10 Legendary Dirt Bikes That Shaped Modern Off-Road Motorcycling

Swedish brand Husqvarna had been working with two-stroke engines for a long time by 1969, as a major manufacturer of chainsaws and motorcycles. The brand had secured its first European MX Championship 10 years previously, winning a total of nine World Motocross Championship titles before 1970, leaving it well-poised to rival the two-stroke machines of the Japanese “Big Four.”

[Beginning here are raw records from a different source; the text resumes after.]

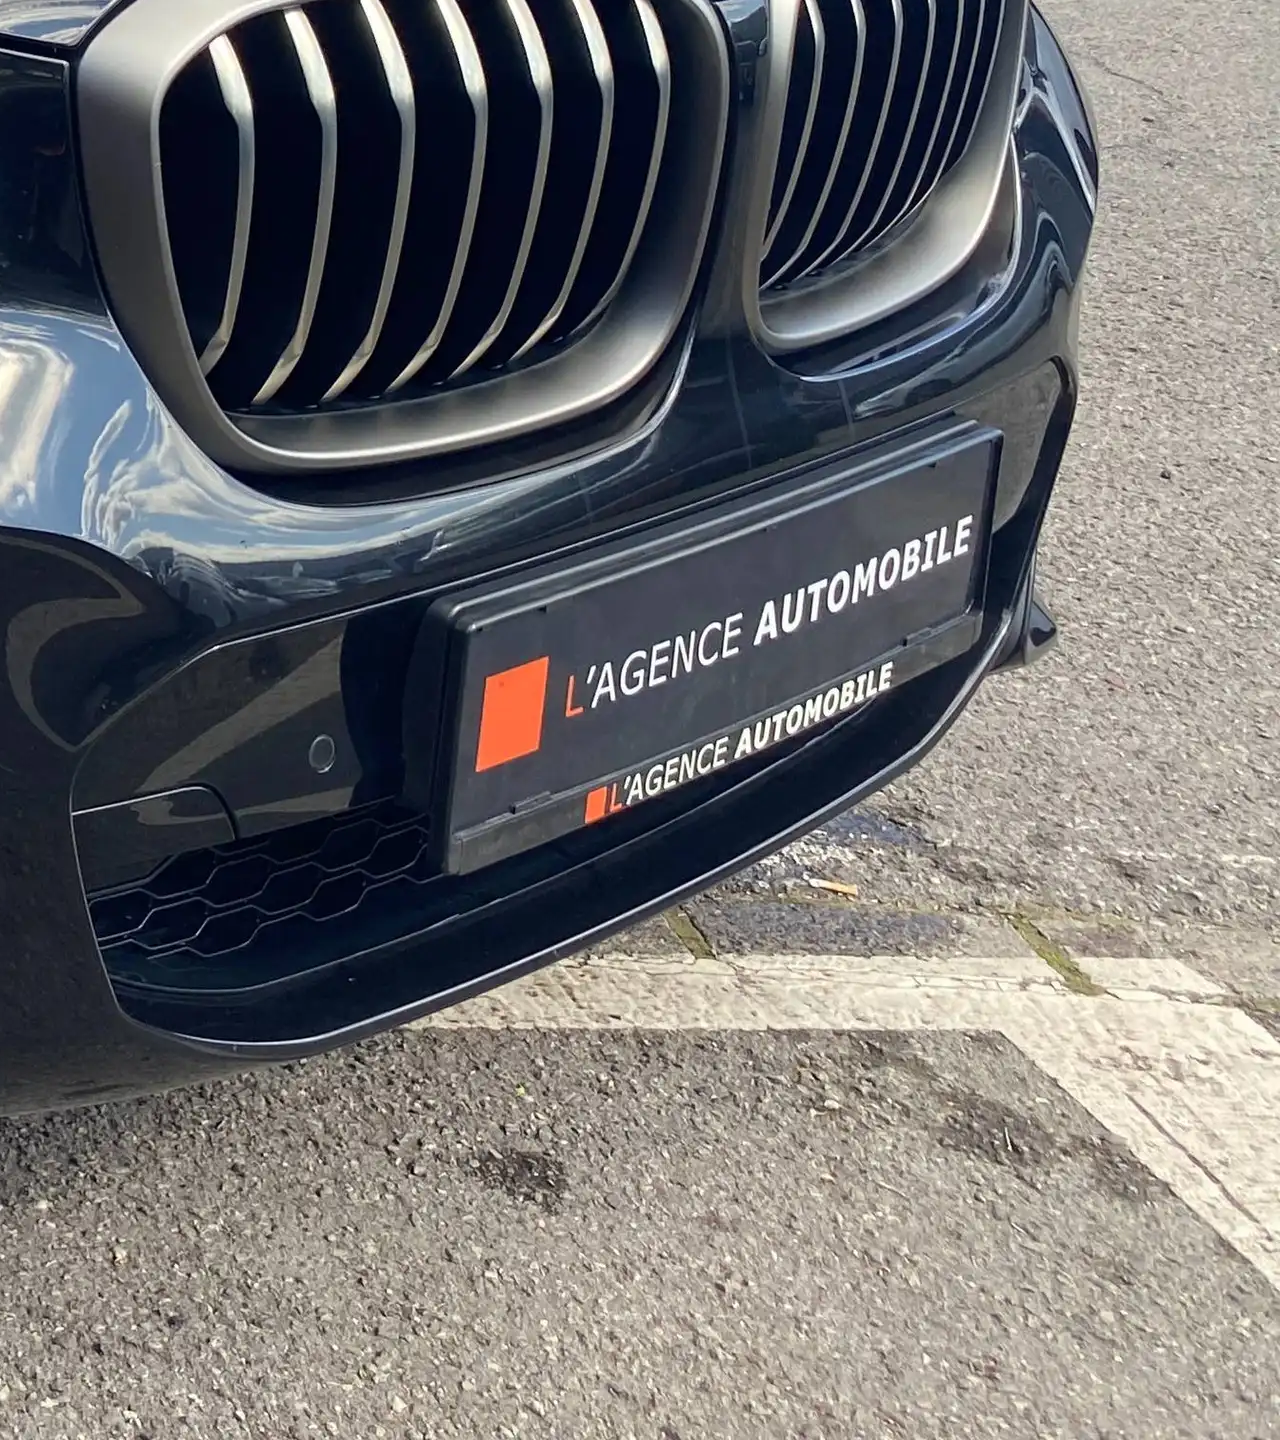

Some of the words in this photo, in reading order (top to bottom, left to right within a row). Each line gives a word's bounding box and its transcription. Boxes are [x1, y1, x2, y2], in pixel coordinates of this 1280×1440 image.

[565, 612, 743, 718] L'AGENCE
[753, 514, 975, 647] AUTOMOBILE
[608, 736, 730, 814] L'AGENCE
[734, 661, 895, 760] AUTOMOBILE
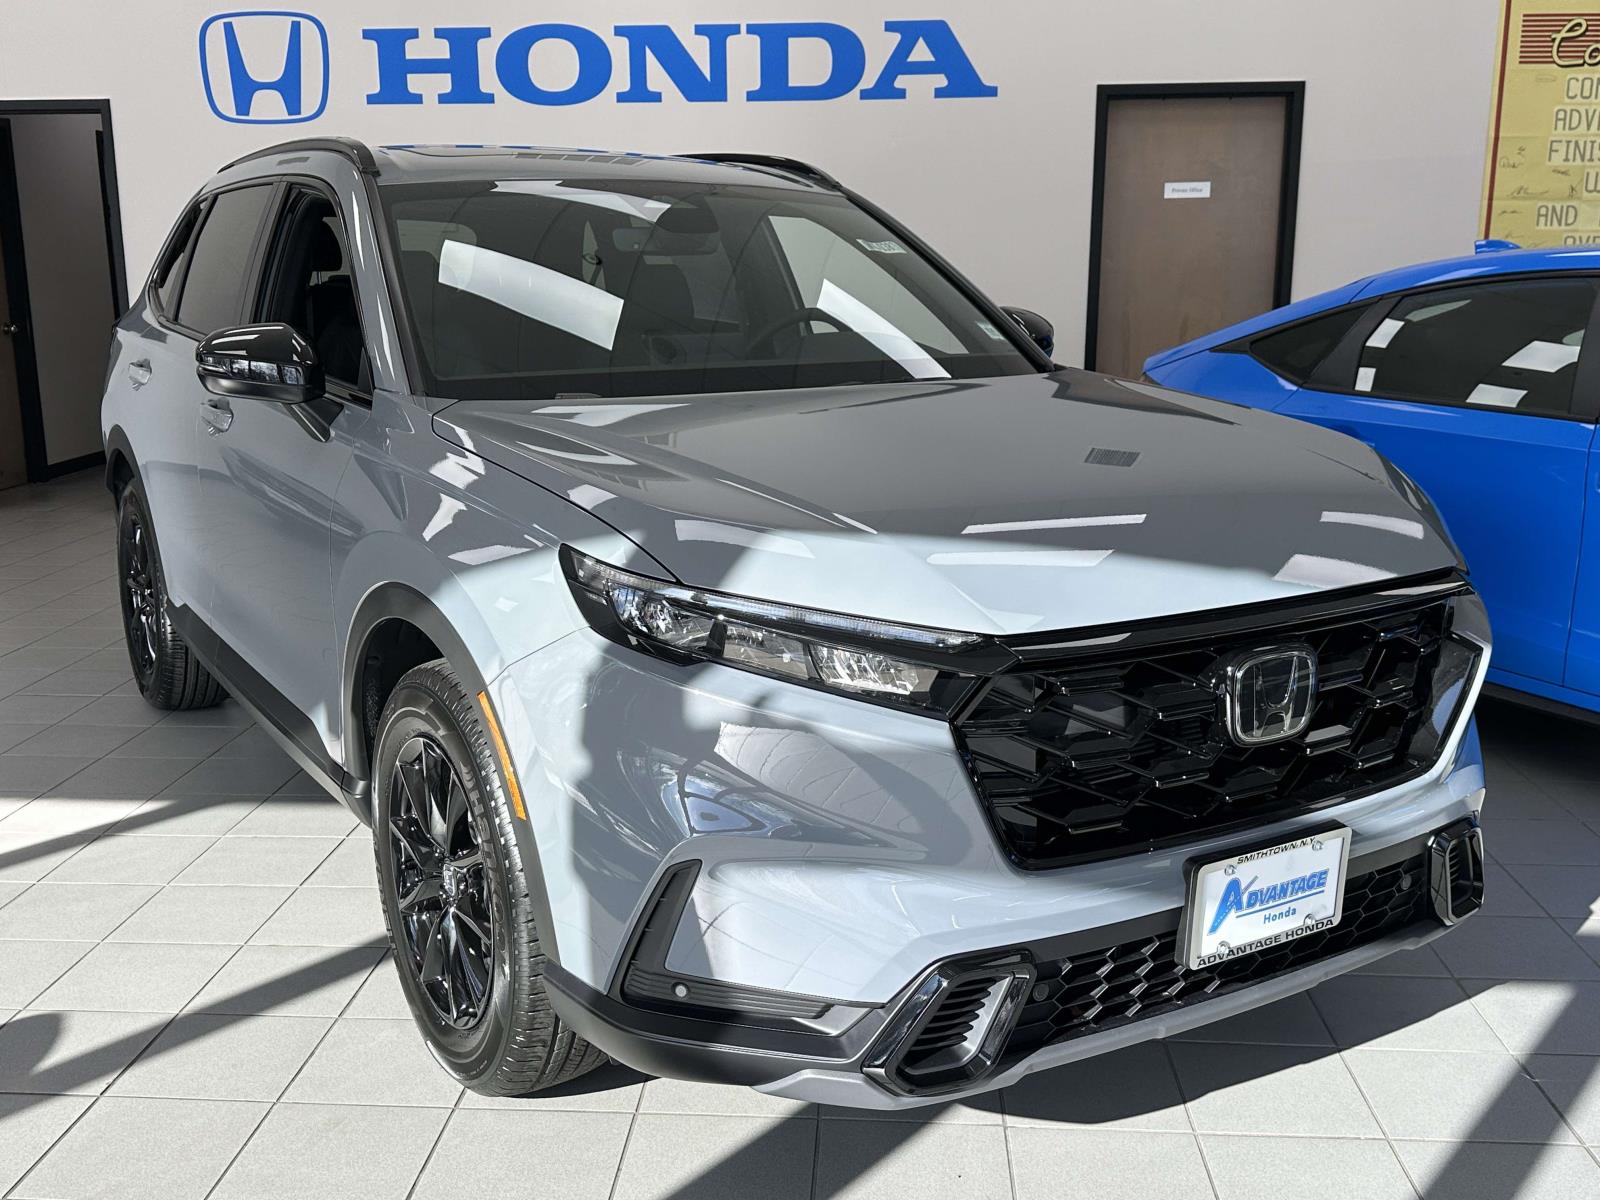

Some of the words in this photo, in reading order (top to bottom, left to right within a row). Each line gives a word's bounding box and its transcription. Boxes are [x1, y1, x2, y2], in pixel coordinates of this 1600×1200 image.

[362, 19, 998, 106] HONDA
[1554, 108, 1600, 131] ADV
[1547, 139, 1600, 163] FINI
[1536, 204, 1578, 227] AND
[1263, 906, 1297, 924] Honda
[1197, 934, 1282, 968] ADVANTAGE
[1285, 918, 1334, 940] HONDA
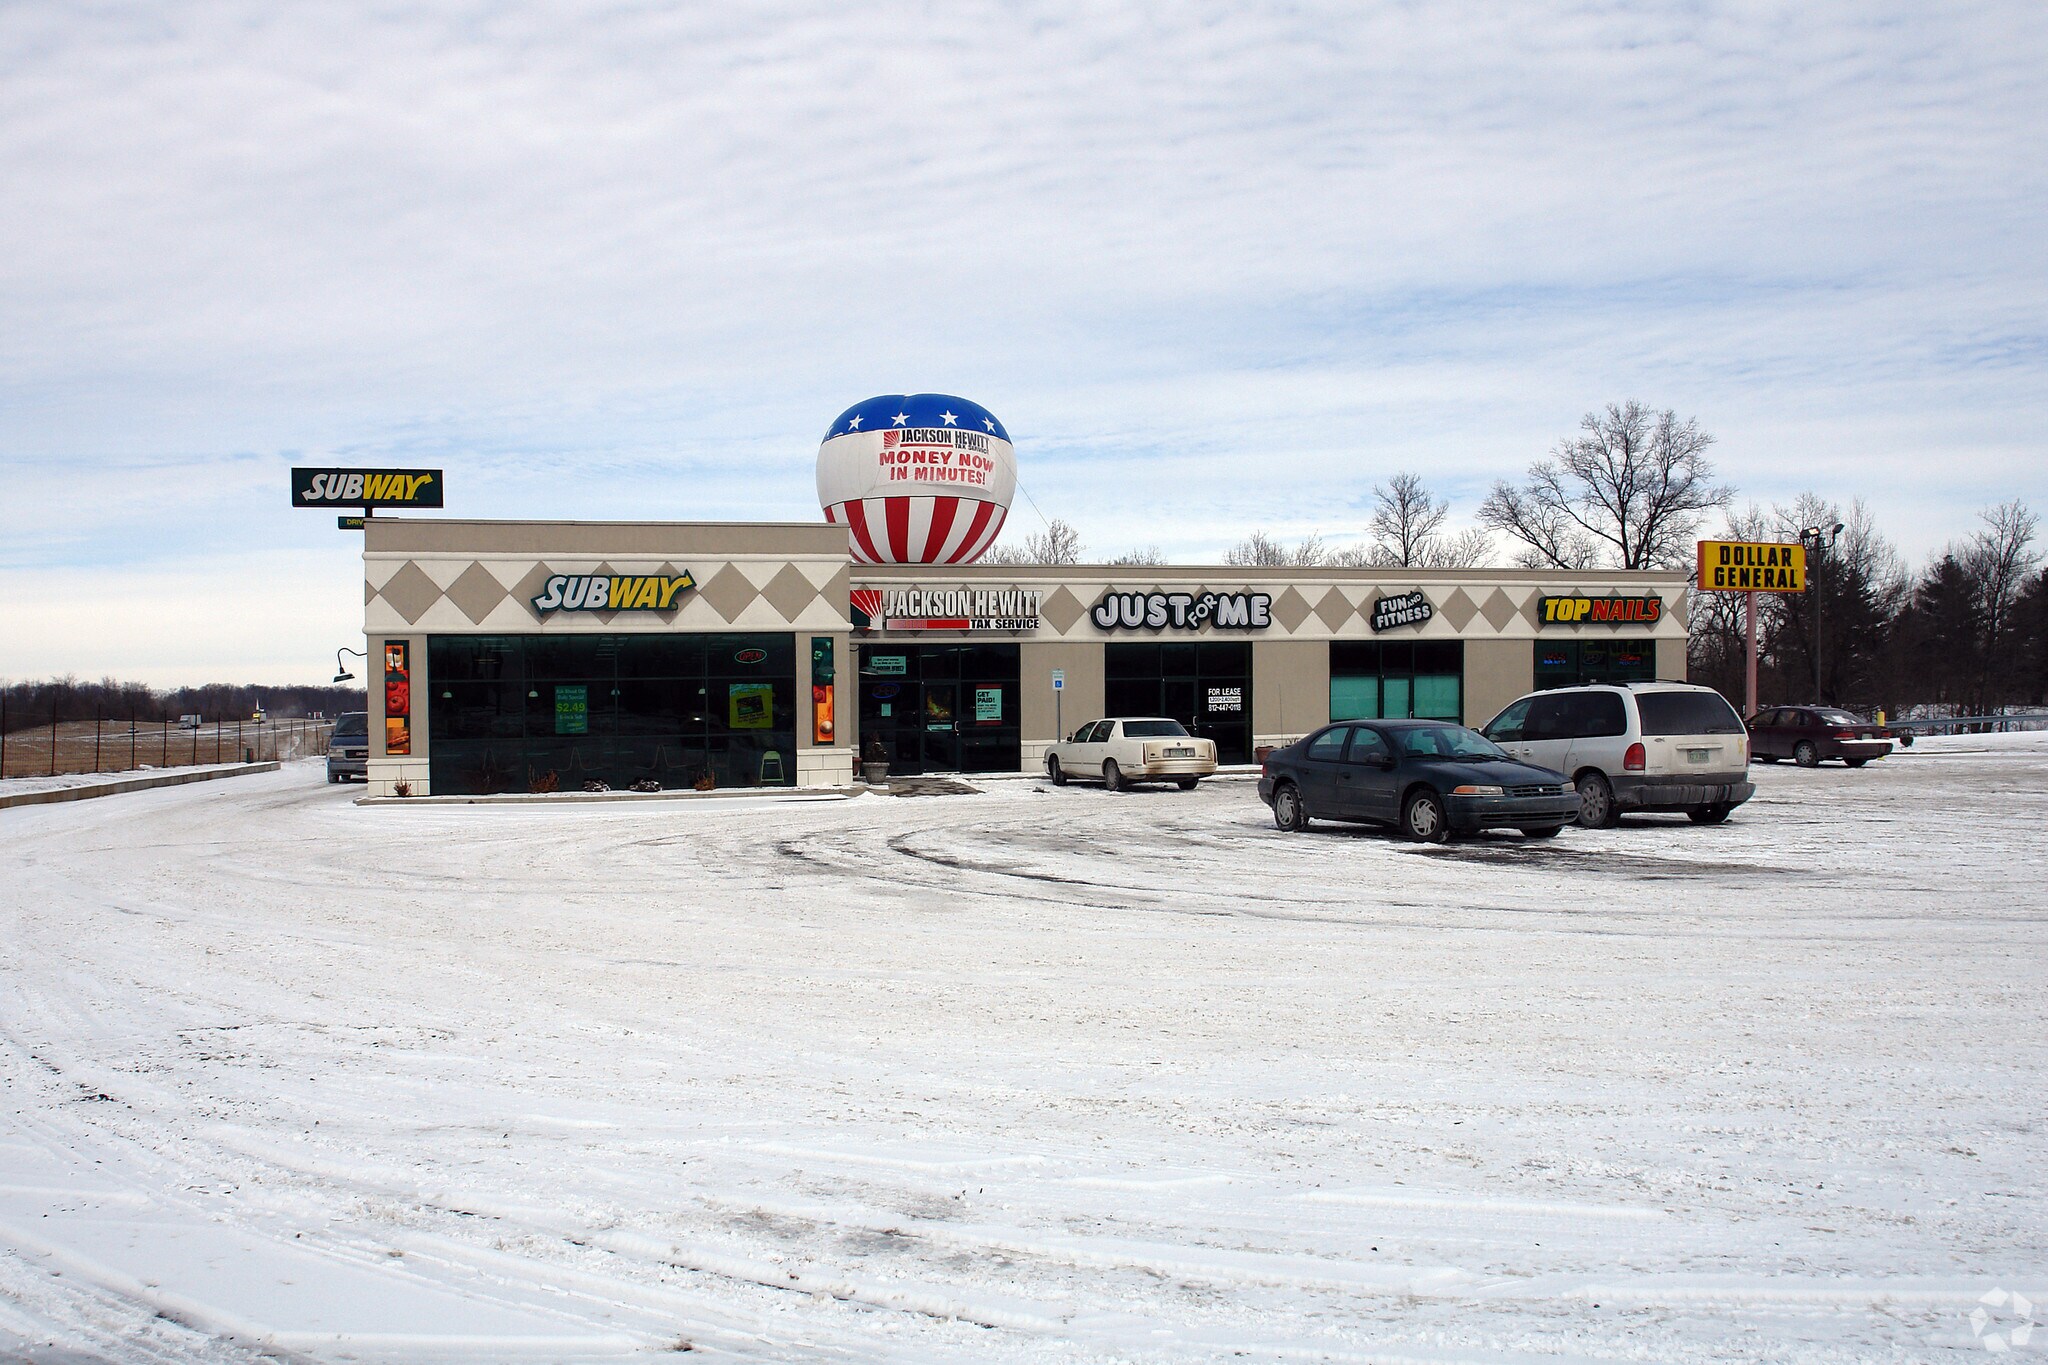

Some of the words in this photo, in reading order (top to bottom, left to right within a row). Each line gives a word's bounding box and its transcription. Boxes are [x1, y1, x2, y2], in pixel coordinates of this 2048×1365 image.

[901, 429, 952, 444] JACKSON
[955, 431, 990, 450] HEWITT
[880, 450, 953, 466] MONEY
[958, 453, 995, 473] NOW
[302, 473, 433, 501] SUBWAY
[890, 466, 908, 481] IN
[914, 466, 986, 486] MINUTES!
[1719, 545, 1792, 567] DOLLAR
[1714, 566, 1798, 588] GENERAL
[535, 575, 694, 611] SUBWAY
[886, 590, 970, 617] JACKSON
[975, 590, 1043, 617] HEWITT
[1380, 599, 1407, 615] FUN
[1407, 593, 1423, 609] AND
[1096, 595, 1192, 627] JUST
[1187, 594, 1218, 627] FOR
[1217, 595, 1269, 626] ME
[1376, 605, 1431, 628] FITNESS
[1545, 598, 1591, 622] TOP
[1591, 598, 1661, 622] NAILS
[971, 619, 991, 630] TAX
[995, 619, 1040, 630] SERVICE
[1208, 688, 1221, 696] FOR
[1222, 687, 1242, 696] LEASE
[556, 702, 585, 713] $2.49

The 400 Cross was Husqvarna’s 396cc two-stroke MX machine that took the early 1970s by storm. It was popular with the public, thanks in part to the motorcycle’s famous use in the 1971 movie “On Any Sunday,” ridden by Steve McQueen. By the following year, Husqvarna had ironed out some creases, altering the frame geometry for better handling and adding a fifth gear.

Cycle World ran a review of the 400 Cross in 1972, which was surprisingly in-depth and showed a good understanding of the requirements of motocross machines, even when they were in their relative infancy. It praised the motorcycle’s off-road stability and handling, its positive transmission, and its aesthetics, with its recognizable orange and chrome gas tank.

The bike became a motocross and enduro racing icon, helped by McQueen posing with one on the cover of a 1971 Sports Illustrated magazine. Even without its Hollywood association, the Husqvarna 400 Cross is still one of the most coveted and collectible motorcycles within its segment, and McQueen’s personal model recently sold at auction for a staggering $230,500.